Also I'm not a fan of how in your example the entire app routing/logic is
basically crammed into a single main method. I know it might be simple demo
app that you're trying to show off Twilo but I don't think you're doing favor
by structuring like that.

What do you feel are the benefits of Spark vs Spring Boot (or Dropwizard I
guess). In my mind the only reason I wouldn't use Spring-Boot for a new
project in Java is if I wanted to use something like Play! since supposedly
using Play!/Scala and futures integrate very nicely into that.

------
cletus
I mostly agree with this list but some things I have issues with.

The biggest is DI. Having witnessed what a tangled mess large Guice codebases
can become where you really have no idea what is providing what I have to say
that Spring here gets a bad rap from the all-XML days and (IMHO) it is
actually the cleanest and easiest to work with.

The author mischaracterizes Spring too:

> It has a either code-based wiring or XML configuration-based wiring.

Actually Spring can use a mix of XML code configuration and auto-wiring.

A modern Spring application will have precisely an application context XML
file with one line per "bean" eg:

    
    
        <bean class="com.foo.SomeClass" />
    

and that's it. Note: there's no classpath scanning. Auto-wiring takes care of
the rest. This has two big advantages (over Guice in particular):

1\. Everything is in one place. If it's not instantiated here it doesn't
exist. Guice can be many levels deep and tends to descend into ModuleBuilders
and conditional logic in modules (which the docs recommend against but tends
to be used extensively anyway); and

2\. Testing. Testing is incredibly easy. I'm talking functional testing here,
even integration testing. You simply include another XML file that overrides
any definitions from the first. Everything else remains the same.

Testing with Guice can be horrendous and once you start making extensive use
of Modules.override() you should abandon all hope.

I'm glad to see this post recommend Maven. It's fun to bash Maven but most
detractors ignore the huge benefit that applies to any shop with lots of devs:
Maven is opinionated. That's a plus not a minus. Seen one Maven Web
application and you've seen them all. There's no really weird directory layout
because someone decided they just had to be different.

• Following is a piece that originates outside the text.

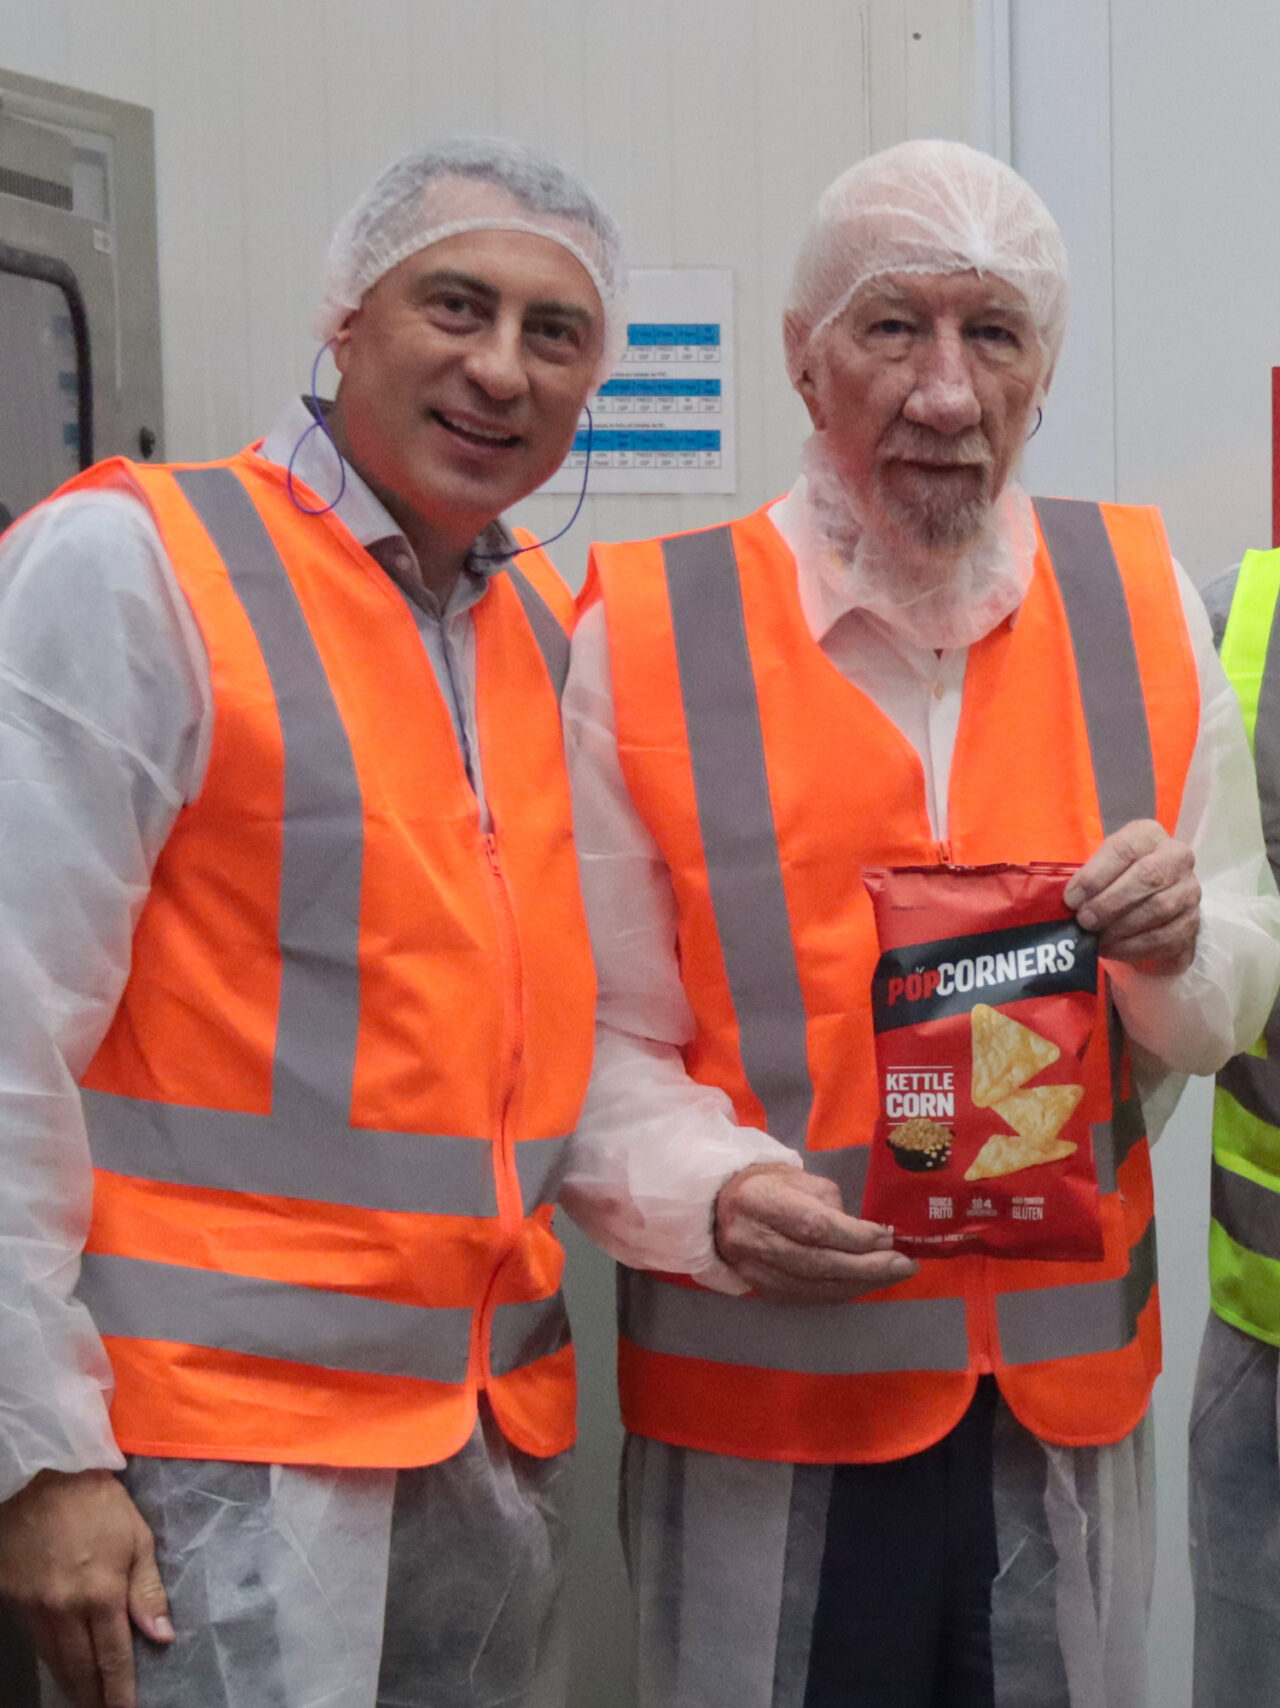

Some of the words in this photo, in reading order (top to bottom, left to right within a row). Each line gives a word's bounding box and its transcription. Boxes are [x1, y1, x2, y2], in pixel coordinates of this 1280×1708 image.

Lastly Play. I really tried to like Play. I really did. But as of Play 2.0+ it
became a Scala not a Java framework. It may still work with Java but some
things just require you to know something about Scala. That's a huge negative
IMHO. I'm not interested in Scala. Nobody is.

Plus the auto-compile feature of Play tended to randomly break with
indecipherable error messages for no readily apparent reasons such that you
couldn't tell if it was a bug or not. I get enough of that with C++ template
programming thank you.

I also agree that the two books the author recommends are probably the two
most important Java books in existence.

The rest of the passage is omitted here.